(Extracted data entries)
-*-*-
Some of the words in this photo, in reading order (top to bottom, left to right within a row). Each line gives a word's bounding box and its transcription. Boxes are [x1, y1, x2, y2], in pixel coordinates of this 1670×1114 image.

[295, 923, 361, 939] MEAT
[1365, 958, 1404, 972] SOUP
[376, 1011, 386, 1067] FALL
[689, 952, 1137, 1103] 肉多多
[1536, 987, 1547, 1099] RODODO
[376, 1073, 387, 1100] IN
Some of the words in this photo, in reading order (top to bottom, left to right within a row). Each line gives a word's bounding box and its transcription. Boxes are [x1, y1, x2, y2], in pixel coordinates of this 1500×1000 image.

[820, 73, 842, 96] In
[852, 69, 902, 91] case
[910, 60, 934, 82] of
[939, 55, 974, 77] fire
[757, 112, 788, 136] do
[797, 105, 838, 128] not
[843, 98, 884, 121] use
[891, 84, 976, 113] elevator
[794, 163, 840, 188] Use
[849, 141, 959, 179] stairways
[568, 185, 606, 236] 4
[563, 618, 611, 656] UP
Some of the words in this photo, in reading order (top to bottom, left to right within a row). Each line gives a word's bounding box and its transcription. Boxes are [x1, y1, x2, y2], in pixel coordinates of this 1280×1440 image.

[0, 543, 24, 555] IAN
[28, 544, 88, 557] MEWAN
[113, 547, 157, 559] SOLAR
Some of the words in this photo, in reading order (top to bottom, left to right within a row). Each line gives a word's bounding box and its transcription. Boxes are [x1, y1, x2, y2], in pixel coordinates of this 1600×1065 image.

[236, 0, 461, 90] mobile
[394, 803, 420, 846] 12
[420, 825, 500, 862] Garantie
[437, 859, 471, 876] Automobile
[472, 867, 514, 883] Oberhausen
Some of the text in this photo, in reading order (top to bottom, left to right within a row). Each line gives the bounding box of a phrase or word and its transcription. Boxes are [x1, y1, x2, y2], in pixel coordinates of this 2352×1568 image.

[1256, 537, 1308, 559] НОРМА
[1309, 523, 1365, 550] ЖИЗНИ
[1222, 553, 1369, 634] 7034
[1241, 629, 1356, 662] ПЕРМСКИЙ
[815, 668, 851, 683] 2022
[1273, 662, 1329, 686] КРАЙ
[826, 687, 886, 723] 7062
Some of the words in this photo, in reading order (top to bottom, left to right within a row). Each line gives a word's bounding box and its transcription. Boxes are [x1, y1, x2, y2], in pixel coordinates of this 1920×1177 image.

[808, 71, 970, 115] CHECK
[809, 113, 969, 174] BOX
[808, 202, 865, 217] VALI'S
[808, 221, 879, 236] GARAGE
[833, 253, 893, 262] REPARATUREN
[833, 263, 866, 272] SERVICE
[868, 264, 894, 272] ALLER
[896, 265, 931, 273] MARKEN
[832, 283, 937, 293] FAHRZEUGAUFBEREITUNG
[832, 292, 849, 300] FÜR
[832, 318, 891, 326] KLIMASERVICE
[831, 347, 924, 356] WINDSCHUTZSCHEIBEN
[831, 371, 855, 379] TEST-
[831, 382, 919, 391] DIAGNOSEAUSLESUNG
-*-*-
Assignment - Your output should be an exact copy of the lines from the one containing "this 1920×1177 image." through the last line of the data above.

Response -
Some of the words in this photo, in reading order (top to bottom, left to right within a row). Each line gives a word's bounding box and its transcription. Boxes are [x1, y1, x2, y2], in pixel coordinates of this 1920×1177 image.

[808, 71, 970, 115] CHECK
[809, 113, 969, 174] BOX
[808, 202, 865, 217] VALI'S
[808, 221, 879, 236] GARAGE
[833, 253, 893, 262] REPARATUREN
[833, 263, 866, 272] SERVICE
[868, 264, 894, 272] ALLER
[896, 265, 931, 273] MARKEN
[832, 283, 937, 293] FAHRZEUGAUFBEREITUNG
[832, 292, 849, 300] FÜR
[832, 318, 891, 326] KLIMASERVICE
[831, 347, 924, 356] WINDSCHUTZSCHEIBEN
[831, 371, 855, 379] TEST-
[831, 382, 919, 391] DIAGNOSEAUSLESUNG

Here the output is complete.